Banggai Cardinalfish

  Tropical reef fish

Banggai Cardinalfish

Banggai Cardinalfish

Identity card

Banggai Cardinalfish

Scientific name:
Pterapogon kauderni
Year of description:
Koumans, 1933
IUCN Status:

It was discovered in the Banggai Islands of Indonesia.


Coral reefs and seagrass meadows


It can measure up to 7-8 cm in length.


Zooplankton and invertebrates

Banggai Cardinalfish

With the Banggai cardinalfish, the eggs are collected in the male's mouth for the brooding period.

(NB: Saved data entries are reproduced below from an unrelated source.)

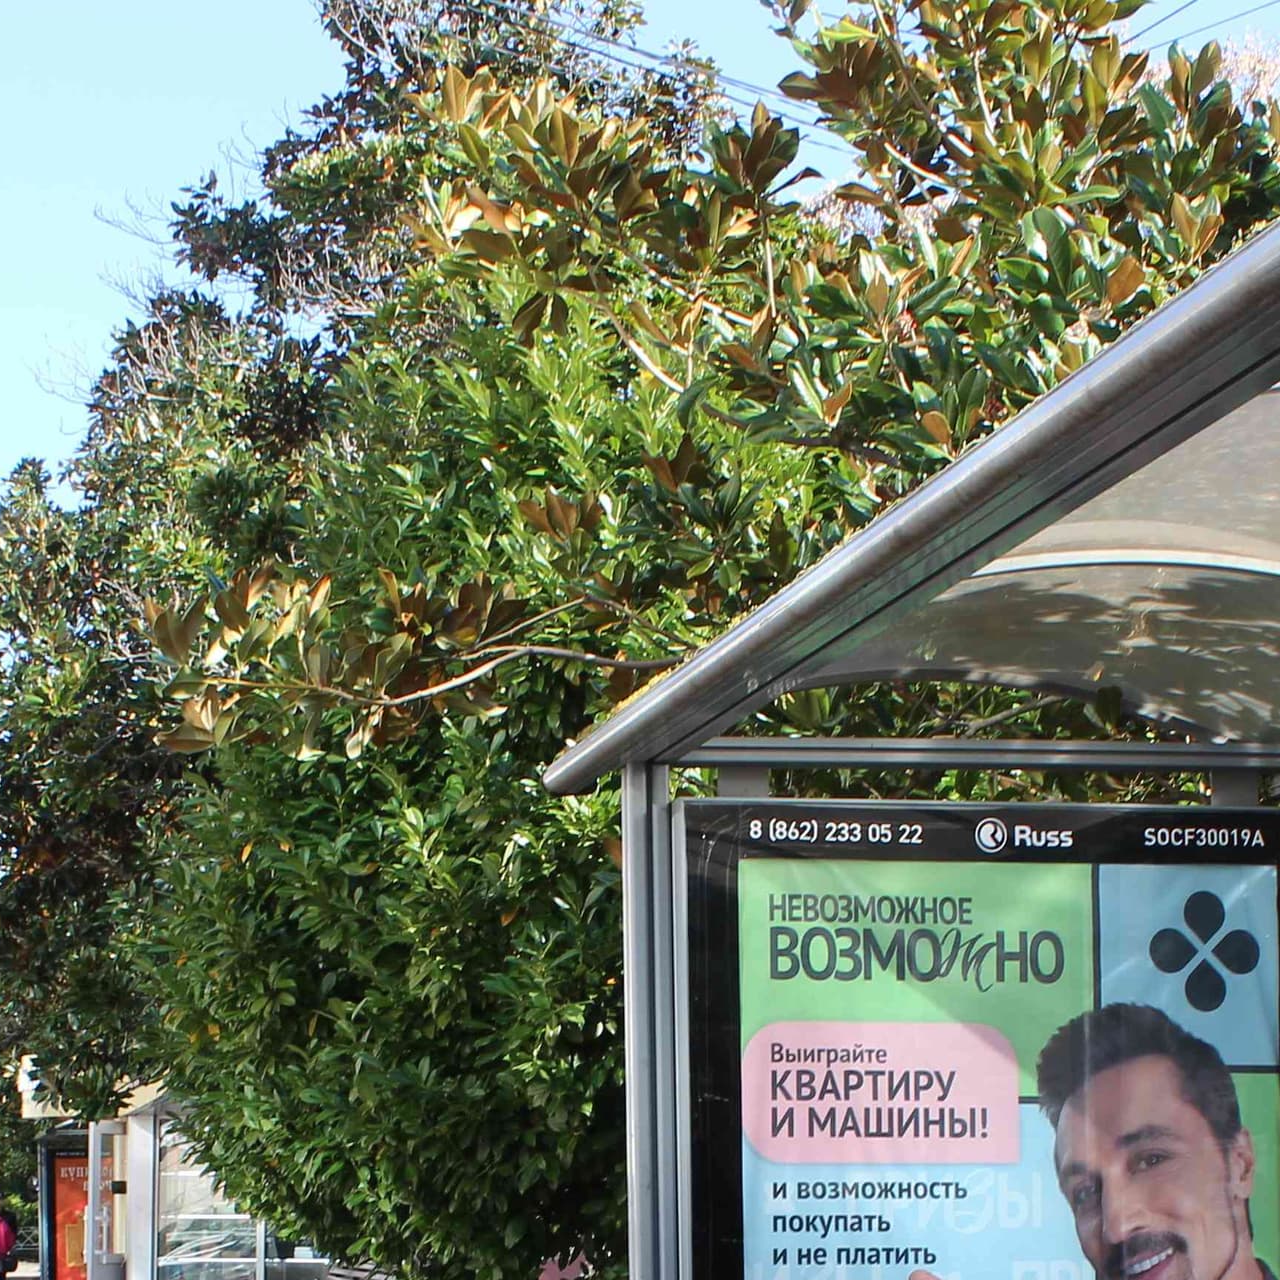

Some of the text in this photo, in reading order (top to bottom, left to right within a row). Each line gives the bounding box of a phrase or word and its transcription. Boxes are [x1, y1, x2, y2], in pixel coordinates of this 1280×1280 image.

[749, 818, 923, 844] 8 (862) 233 05 22
[1014, 825, 1074, 848] Russ
[1144, 827, 1265, 848] SOCF30019A
[768, 893, 973, 926] НЕВОЗМОЖНОЕ
[768, 926, 1065, 993] ВОЗМОЖНО
[770, 1041, 888, 1067] Выиграйте
[770, 1069, 957, 1102] КВАРТИРУ
[770, 1106, 990, 1140] И МАШИНЫ!
[772, 1181, 968, 1201] и возможность
[772, 1214, 891, 1237] покупать
[772, 1246, 937, 1267] и не платить
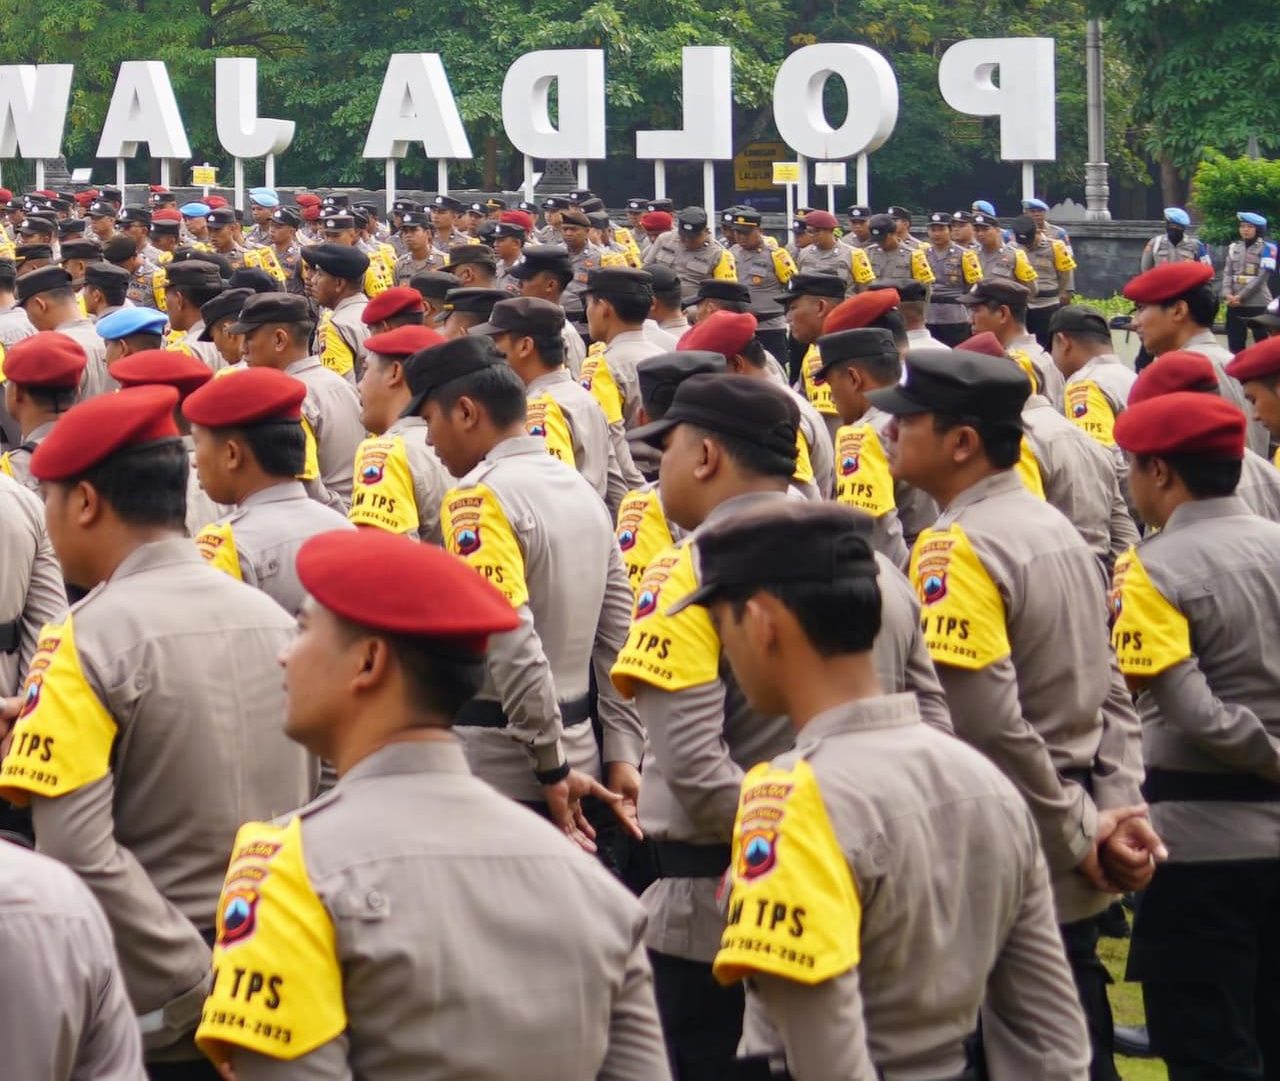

The male does not eat and spends most of its time turning the eggs and disposing of any dead embryos. It also provides shelter for juveniles for several days after hatching before releasing them into the water. It keeps them safe between the spines of sea urchins or between the tentacles of anemones. The Banggai cardinalfish is very protective of its young.

Did you know?

Where is the animal to be found?

The Banggai cardinalfish lives in coral reefs and seagrass beds where currents are gentle. It lives in sedentary groups with an average of ten individuals. Once settled in its environment, it remains attached to its reef and does not wander much. It was only found in the Indonesian archipelago until it became a popular fish for aquarists who have since introduced it elsewhere.

How can it be recognised?

The Banggai cardinalfish is remarkably elegant both because of its oval body shape with tapered fins and because of its colouring with 3 black stripes with white highlights. It is a fish that lives in a multitude of small groups, which are genetically different from each other. It can measure up to 7-8 cm in length.

What is distinctive about it?

The reproductive cycle takes place in 4 phases. These phases are: the couple forms, a sexual parade takes place, dominated by the female that turns around the male, the eggs are laid and finally, the eggs are incubated. They hatch after about thirty days and yield about twenty fish.

Threat and protective measure

EN - endangered and declining. It seems to be highly appreciated by many aquarists. However, its success is proving detrimental as it is now threatened with extinction.

Today, in Indonesia there are three avenues for the conservation and management of P.kauderni: a National Action Plan (2017-2021), the management of a marine protected area (MPA), and a temporary closure on fishing has been decreed.
Its trade is also regulated by the CITES (2022).